TASK MATERIAL section start
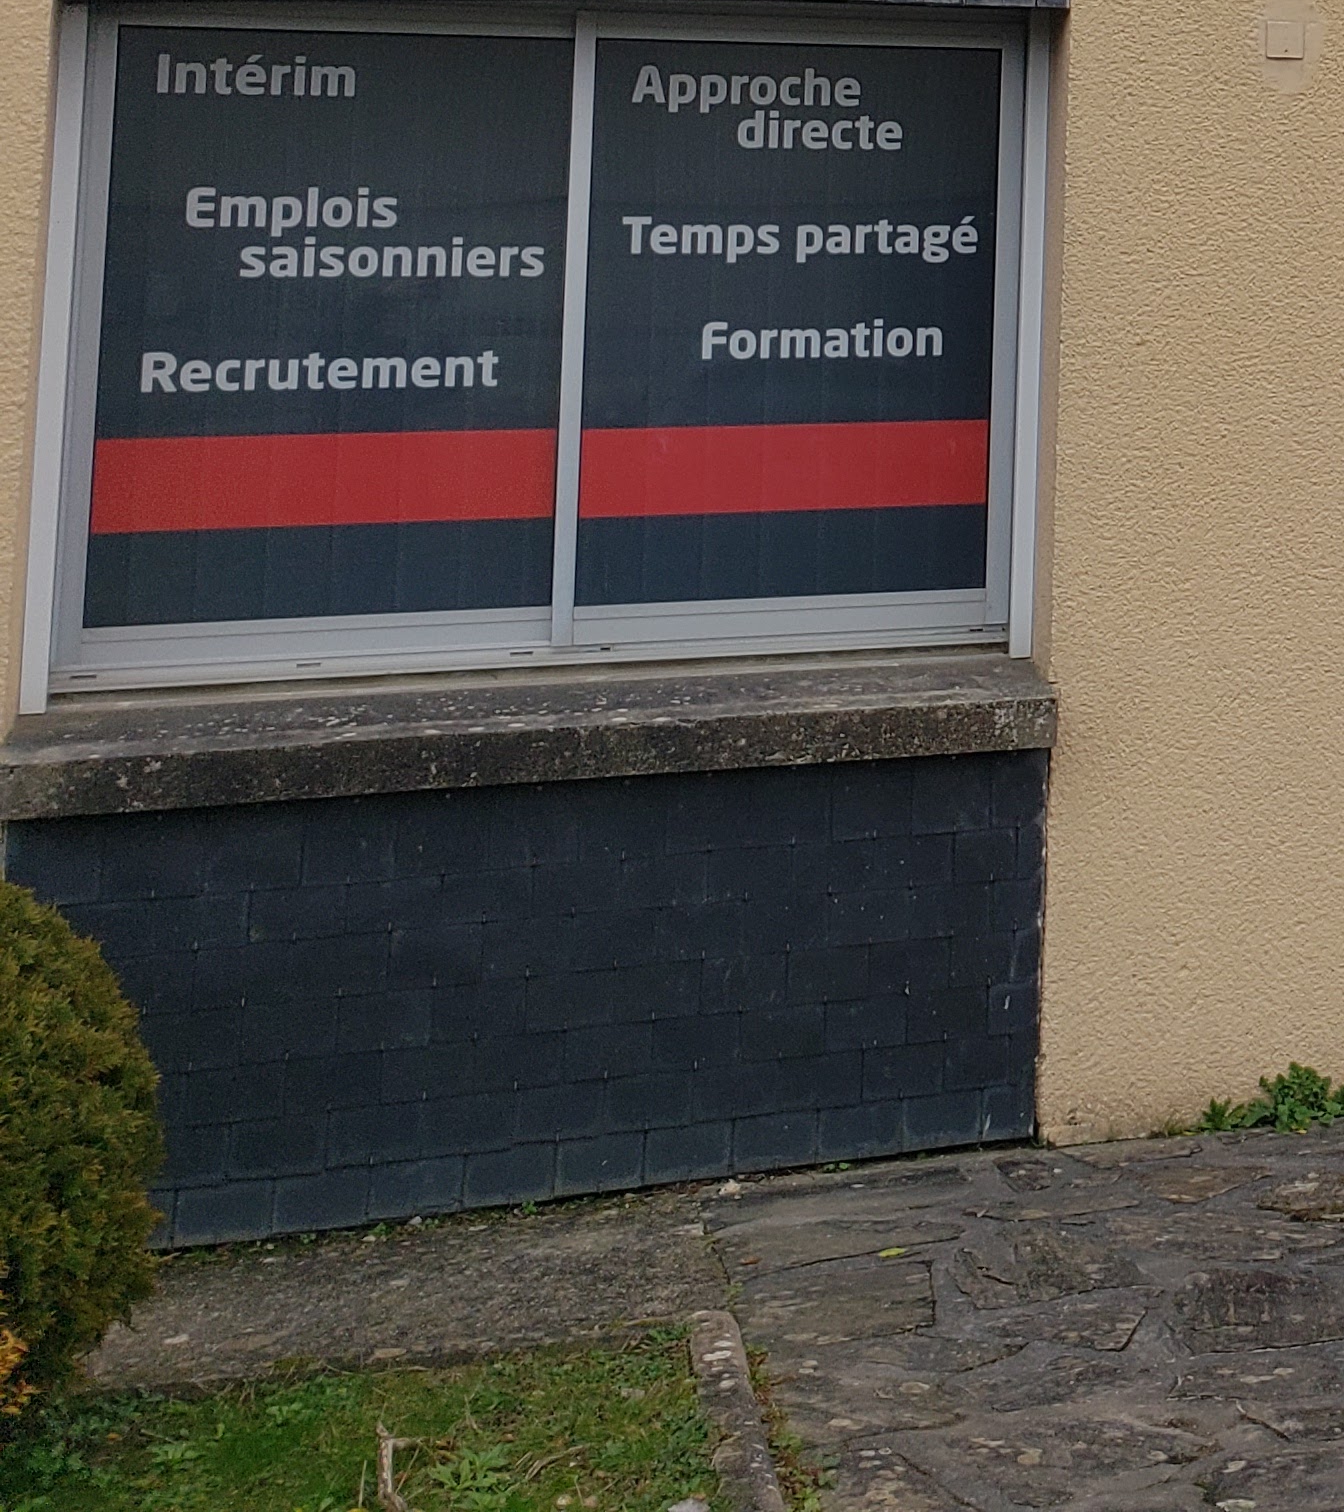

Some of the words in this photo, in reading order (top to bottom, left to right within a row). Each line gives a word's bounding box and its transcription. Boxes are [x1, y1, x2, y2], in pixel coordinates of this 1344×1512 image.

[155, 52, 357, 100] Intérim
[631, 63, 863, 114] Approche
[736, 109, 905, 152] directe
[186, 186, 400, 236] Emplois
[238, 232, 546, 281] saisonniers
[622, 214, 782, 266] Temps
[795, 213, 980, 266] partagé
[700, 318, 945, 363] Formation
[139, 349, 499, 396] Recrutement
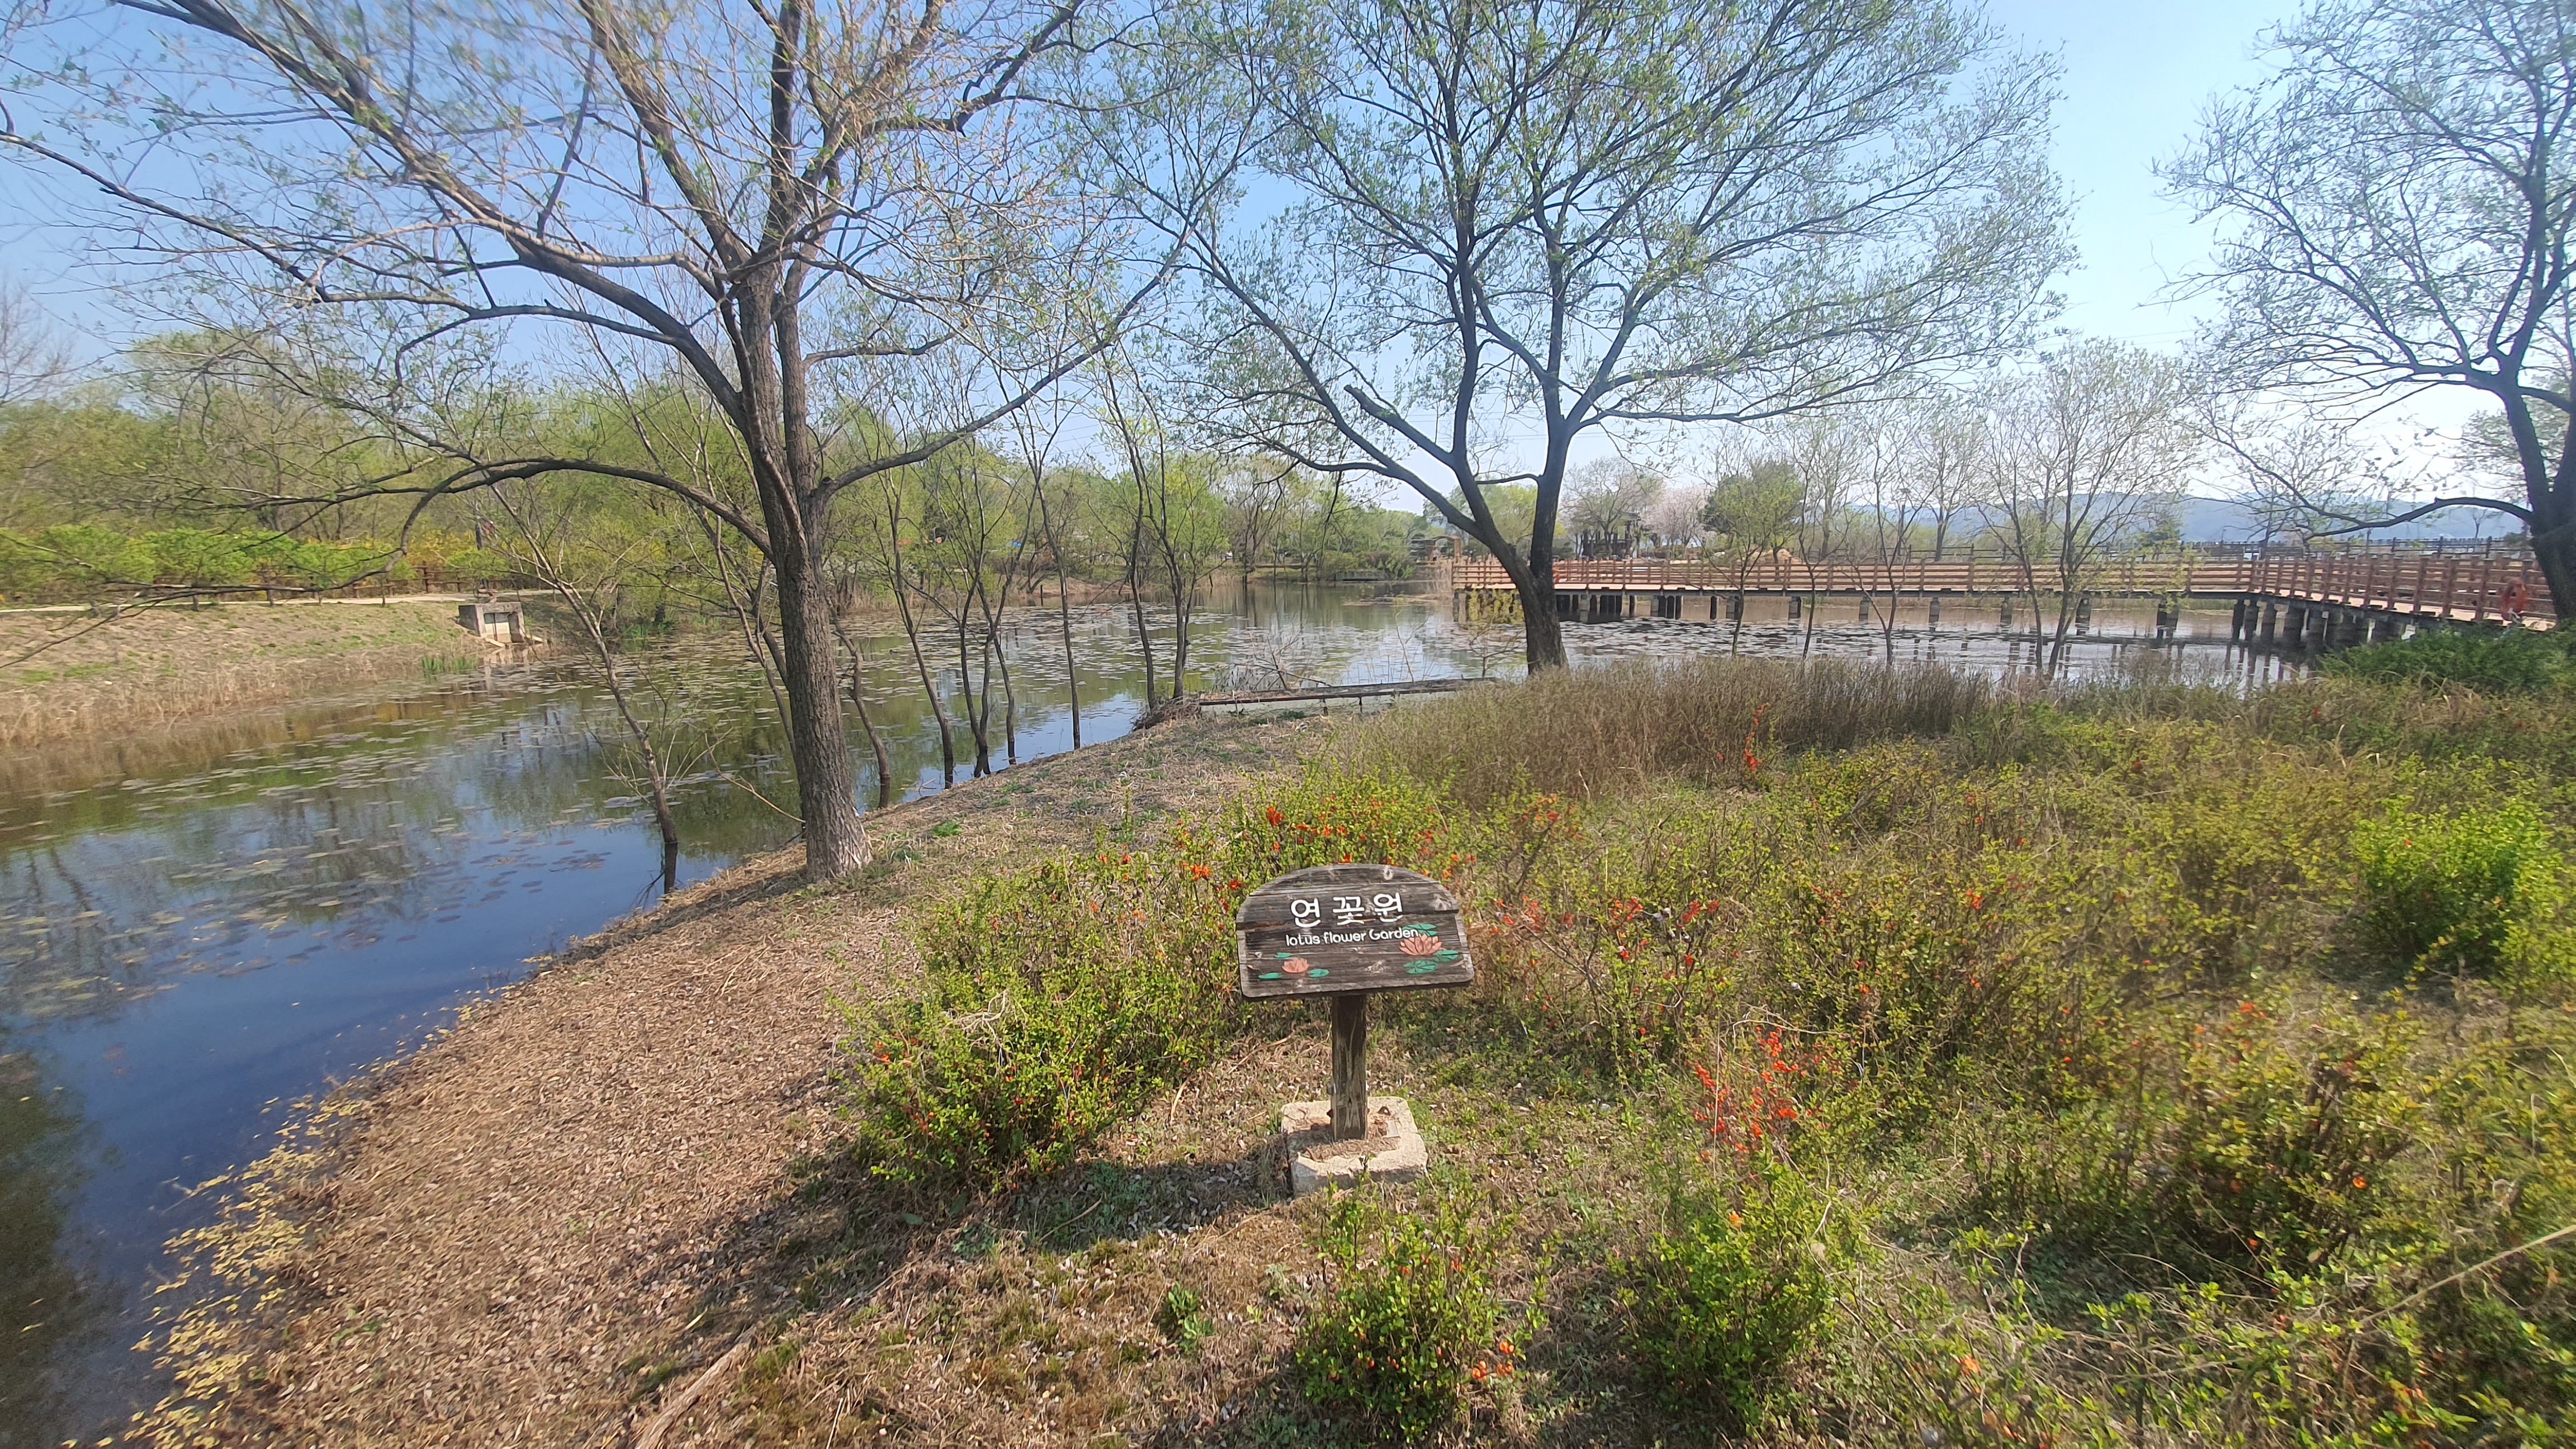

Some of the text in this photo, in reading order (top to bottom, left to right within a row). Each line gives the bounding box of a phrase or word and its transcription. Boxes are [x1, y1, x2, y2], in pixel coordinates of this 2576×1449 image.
TASK MATERIAL section end
REQUIREMENT: Write the records out once more, exactly as they appear, with no pictures.

FINISHED TASK:
Some of the words in this photo, in reading order (top to bottom, left to right within a row). Each line gives a word's bounding box and its transcription. Boxes are [x1, y1, x2, y2], in pixel coordinates of this 1344×1512 image.

[155, 52, 357, 100] Intérim
[631, 63, 863, 114] Approche
[736, 109, 905, 152] directe
[186, 186, 400, 236] Emplois
[238, 232, 546, 281] saisonniers
[622, 214, 782, 266] Temps
[795, 213, 980, 266] partagé
[700, 318, 945, 363] Formation
[139, 349, 499, 396] Recrutement

Some of the text in this photo, in reading order (top to bottom, left to right within a row). Each line gives the bounding box of a phrase or word and its transcription. Boxes are [x1, y1, x2, y2], in pixel coordinates of this 2576×1449 image.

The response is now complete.